Dopotutto lei è una maestra con un animo generoso che, aiutando sempre senza riserve e senza mai chiedere nulla, è diventata un punto di riferimento fondamentale per tante colleghe.
L’importanza della lentezza
I rapporti umani nascono, ma non si sviluppano per caso, molto spesso seguono un disegno che a volte non riusciamo a capire, e solo dopo che lo abbiamo vissuto ci rendiamo conto della sua grandezza.
Eppure questo è il bello del mondo della scuola. Talvolta, anche se apparentemente freddo e distaccato, nasconde al suo interno straordinarie relazioni.
Da quel piccolo kit, con quel robot che stava nel palmo di una mano, la maestra Marina è riuscita, a sviluppare tantissime idee che ha tradotto in unità di apprendimento per la gioia dei suoi bimbi, gli stessi che erano partiti dallo studio dei biotopi terrestri e di un animaletto simpatico ed affascinante come la lumaca, con le sue corna e con la casa che si porta dietro.
In fondo la lumaca è un animaletto che tanto ha affascinato piccoli e grandi al punto da ispirare capolavori, come il bellissimo libro di Luis Sepúlveda “Storia di una lumaca che scoprì l’importanza della lentezza”. Attraverso una lumaca, l’autore mostra che se si vuole si può cambiare ed uscire fuori dall’ordinario. È quello che lentamente sta succedendo alla scuola italiana.
Dalla “lumaca” al pensiero computazionale
Dallo studio del mondo e della vita delle lumache, quindi, i suoi bambini, in una scuola dove i sorrisi hanno lasciato il posto alle mascherine e dove piccoli occhi ti guardano disorientati e in cerca di amore, la maestra è riuscita ad entusiasmare e ad entusiasmarsi, è stata capace di far acquisire ai suoi alunni le prime competenze di base della robotica e della programmazione, con il conseguente sviluppo del pensiero computazionale.
Un processo che, a pensarci bene data la tenera età, ha dello straordinario. Certo i robot affascinano grandi e bambini soprattutto se sono collegati a quel mondo ludico che è il mondo dell’infanzia.

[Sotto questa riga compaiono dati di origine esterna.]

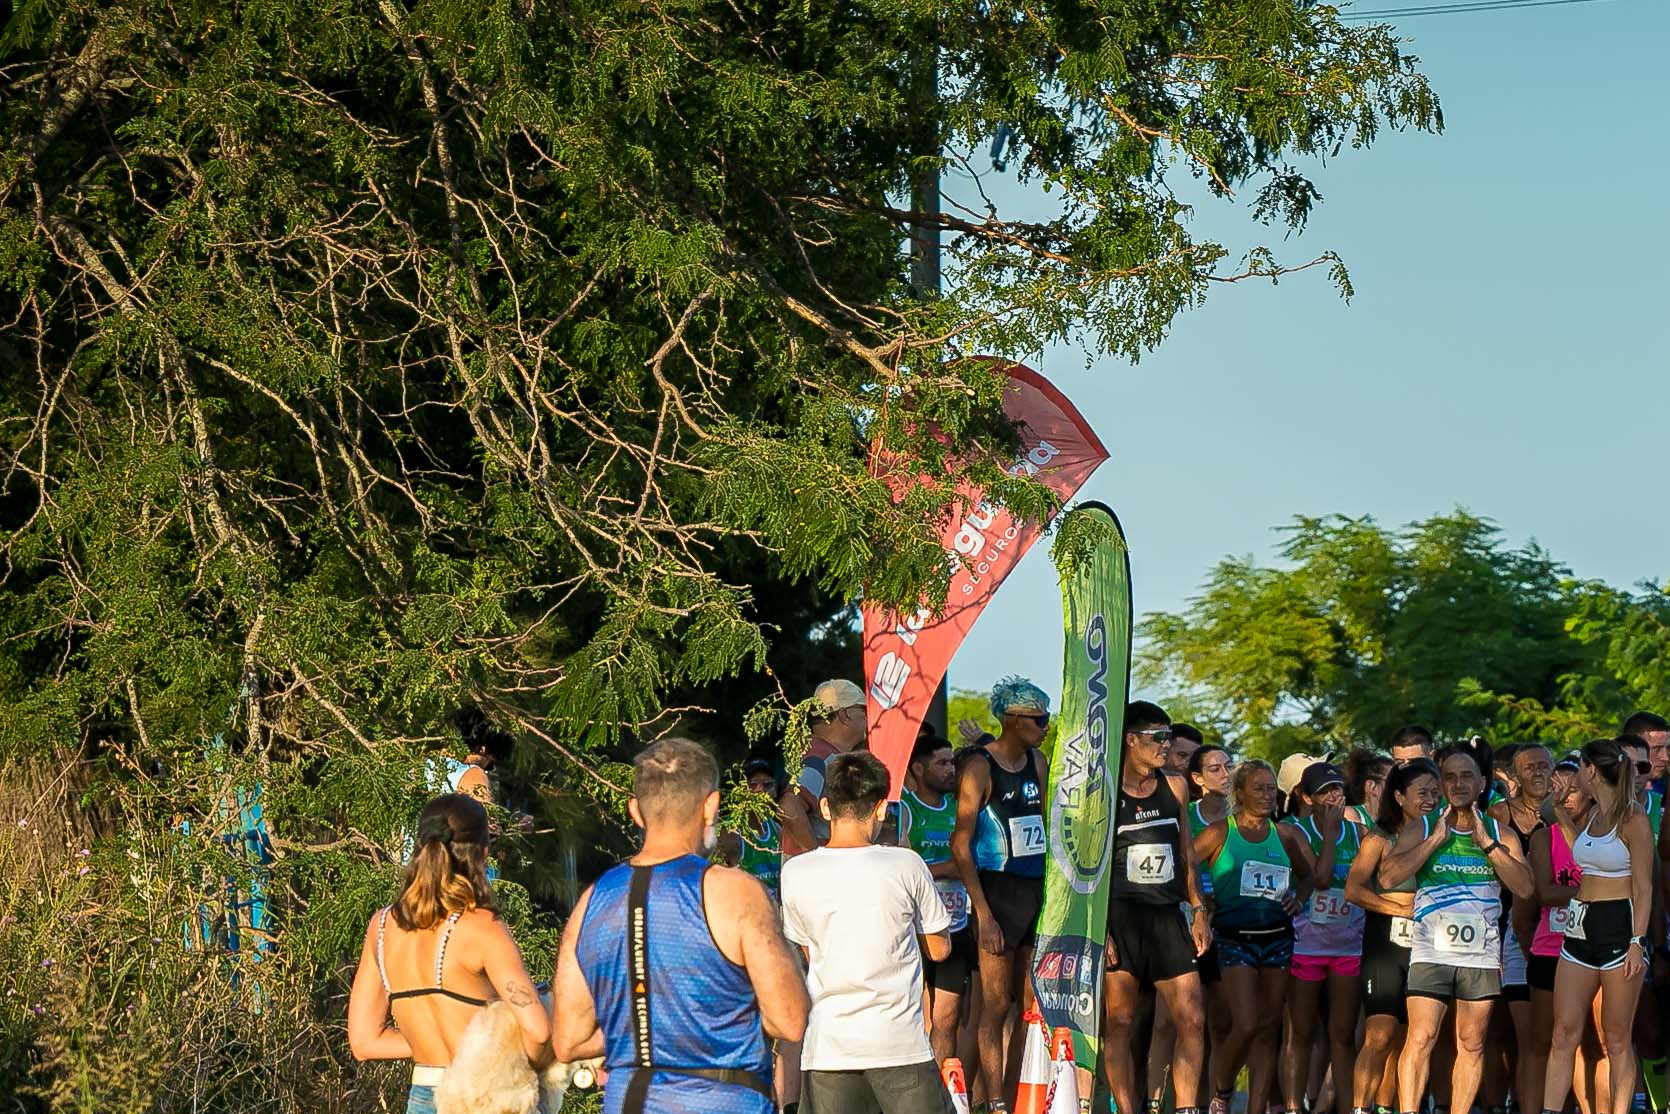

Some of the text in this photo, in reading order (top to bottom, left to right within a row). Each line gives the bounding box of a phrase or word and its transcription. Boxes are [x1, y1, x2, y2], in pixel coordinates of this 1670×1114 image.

Il bello di essere i primi
Se poi pensiamo alla sua difficoltà nel documentare quanto realizzato con foto e video, comprendiamo quanto sia immensa la grandezza delle anime umili.
“Il bello di essere primi”, è una frase detta e ridetta tantissime volte e mai capita, forse, fino in fondo. Dovrebbe avere un solo significato: il gusto di riappropriarci di quello spirito di esplorazione che ha contraddistinto e caratterizzato da sempre chi ha cambiato il mondo, con l’entusiasmo della scoperta.
Un grazie di cuore alla maestra Marina e a tutte le sue colleghe silenziose, umili e laboriose, perché ci fa ancora sognare e credere nel valore dell’insegnamento, nonostante molte scuole siano state, per tanto tempo chiuse a causa di una pandemia che non risparmia neanche i bambini.
Un grazie per questo suo modo accogliente, inclusivo, ma altamente efficace, di far crescere i nostri studenti in una scuola sempre più “Avanguardia Educativa”, perché luogo di scoperta e innovazione, di curiosità e di passione, soprattutto, perché luogo di incontro tra persone in ascolto reciproco.